Southern Water provides services to 2.6m water customers and 4.7m wastewater customers across southern England in Sussex, Kent, Hampshire and the Isle of Wight.
Macquarie has pledged to pour in £2bn over the next four years of the current regulatory period to fix Southern’s creaking pipes, pumping stations, and sewers.
“We acknowledge the business’ transformation will take time and that is why we intend to own our stake in Southern Water over multiple regulatory periods,” said Macquarie’s head of infrastructure Leigh Harrison in a letter to the industry regulator Ofwat.
“Furthermore, historical environmental pollution incidents represented unacceptable failings by the company and culminated in a record fine in the recent crown court sentencing.”
“These cases and other areas of the company’s poor performance highlight the need for faster improvement and change.”
Southern was found guilty of releasing between 16bn and 21bn litres of sewage – the equivalent of 7,400 Olympic-sized swimming pools – between 2010 and 2015. A separate investigation by the Environment Agency is under way that covers pollution incidents after 2015.
Macquarie made several commitments to Southern Water including improving the water company’s environmental track record, reducing leaks, and ensuring affordable customer bills.
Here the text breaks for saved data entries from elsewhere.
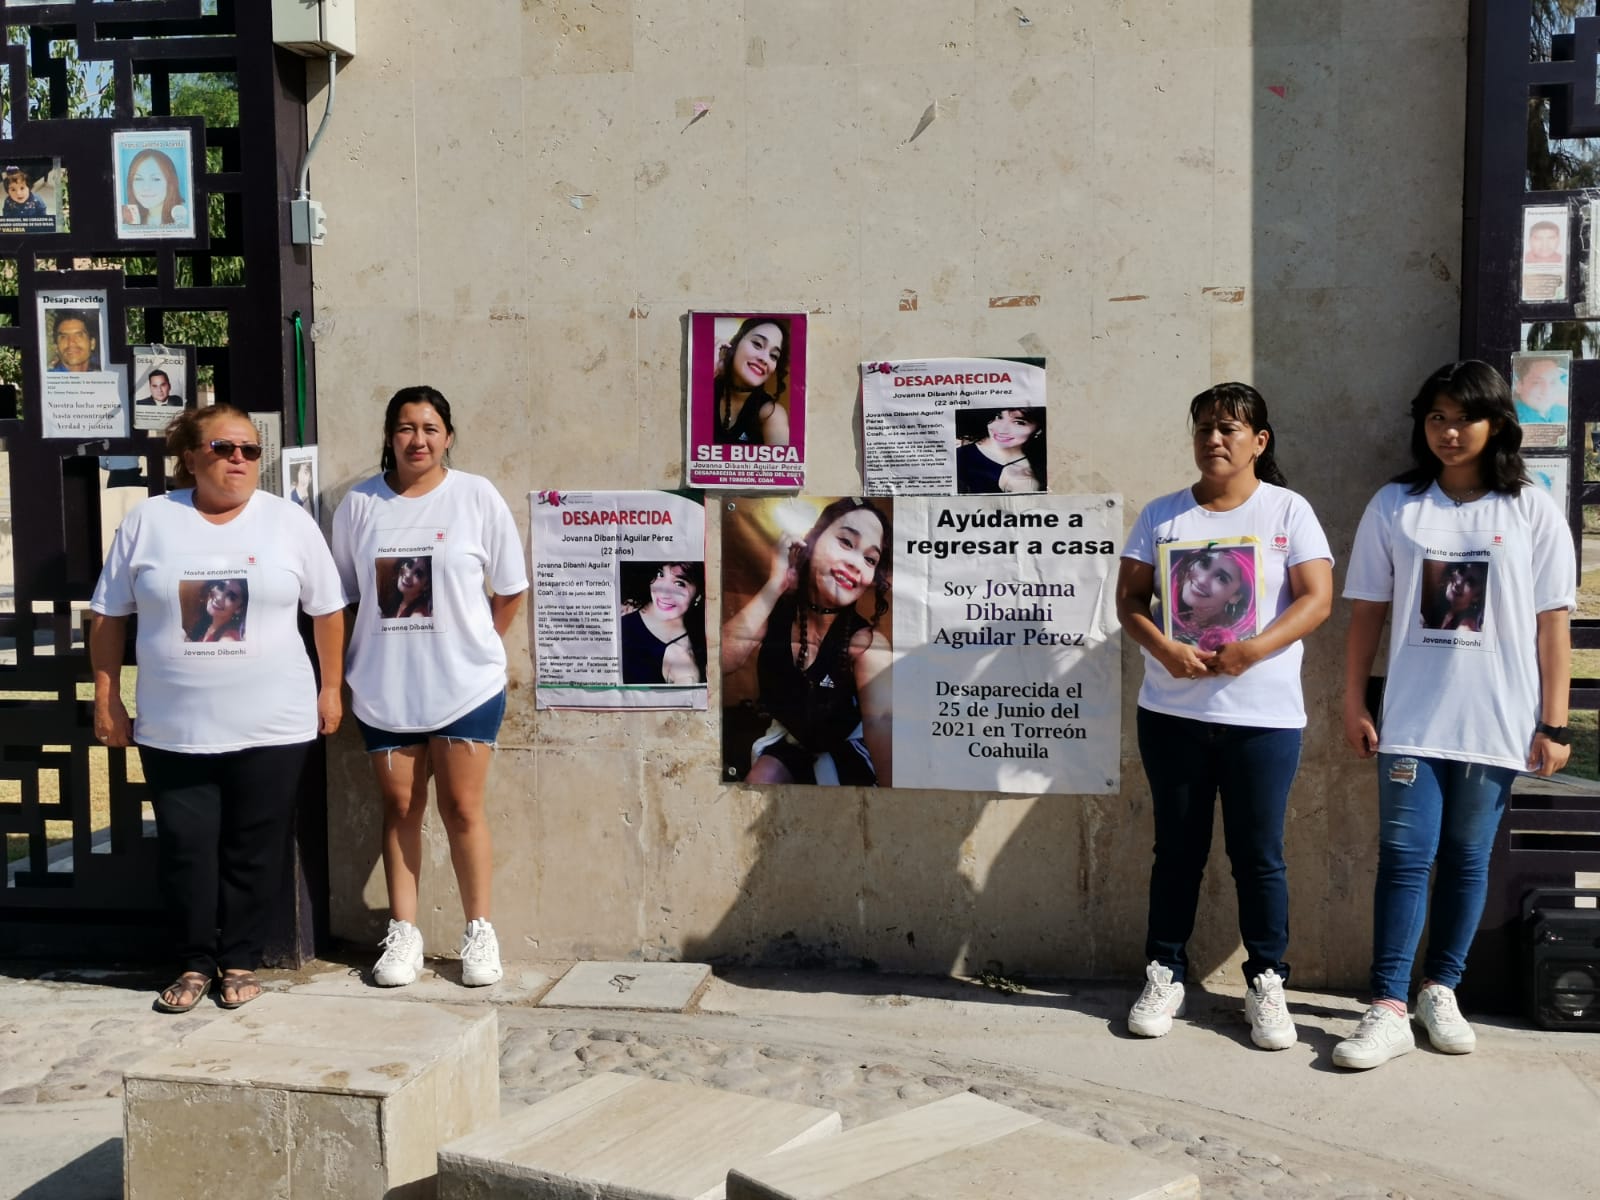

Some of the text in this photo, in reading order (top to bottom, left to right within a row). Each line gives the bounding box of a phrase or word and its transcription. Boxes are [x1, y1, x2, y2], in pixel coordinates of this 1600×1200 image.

[42, 295, 105, 305] Desaparecido
[893, 372, 1012, 388] DESAPARECIDA
[892, 391, 926, 399] Jovanna
[927, 389, 958, 398] Dibanhi
[959, 388, 988, 398] Aguilar
[934, 398, 971, 407] (22 años)
[697, 445, 799, 462] SE BUSCA
[562, 510, 673, 526] DESAPARECIDA
[936, 509, 1083, 532] Ayúdame a
[561, 534, 593, 543] Jovanna
[593, 533, 623, 542] Dibanhi
[623, 533, 650, 544] Aguilar
[601, 546, 634, 557] (22 años)
[906, 539, 1115, 559] regresar a casa
[1425, 547, 1491, 558] Hasta encontrarte
[206, 568, 248, 576] encontrarte
[536, 561, 611, 571] Jovanna Dibanhi Aguilar
[537, 580, 575, 588] desapareció
[943, 579, 1075, 600] Soy Jovanna
[965, 603, 1053, 622] Dibanhi
[409, 623, 435, 631] Dibanhi
[934, 626, 1085, 650] Aguilar Pérez
[1422, 636, 1481, 647] Jovanna Dibanhi
[183, 647, 247, 657] Jovanna Dibanhi
[935, 681, 1083, 701] Desaparecida el
[938, 701, 1080, 720] 25 de Junio del
[932, 721, 1087, 741] 2021 en Torreón
[968, 741, 1049, 760] Coahuila
Along with other investors it has committed to a dividend yield of under 4% over the next four years as part of the deal.
It is not the bank’s first foray into Britain’s controversially privatised water network. Macquarie was the largest investor in Thames Water for 11 years up to 2017, but was criticised widely for taking out millions in dividends while doing little to repair widespread leaks or stopping sewage entering river systems.
It was also slammed for its high-debt and low-tax business model, earning it the nickname ‘The Vampire Kangaroo’.
Southern is owned by a consortium of infrastructure investors, pension funds and private equity investors, according to its website, under the ultimate ownership of a Jersey-incorporated company called Greensand Holdings which sits above a myriad of entities, including a finance arm registered in the Cayman Islands tax haven.
Investors include UBS Asset Management and JPMorgan Asset Management, Hermes Investment Management and Whitehelm Capital. Cheung Kong Infrastructure and The Li Ka Shing Foundation are direct investors.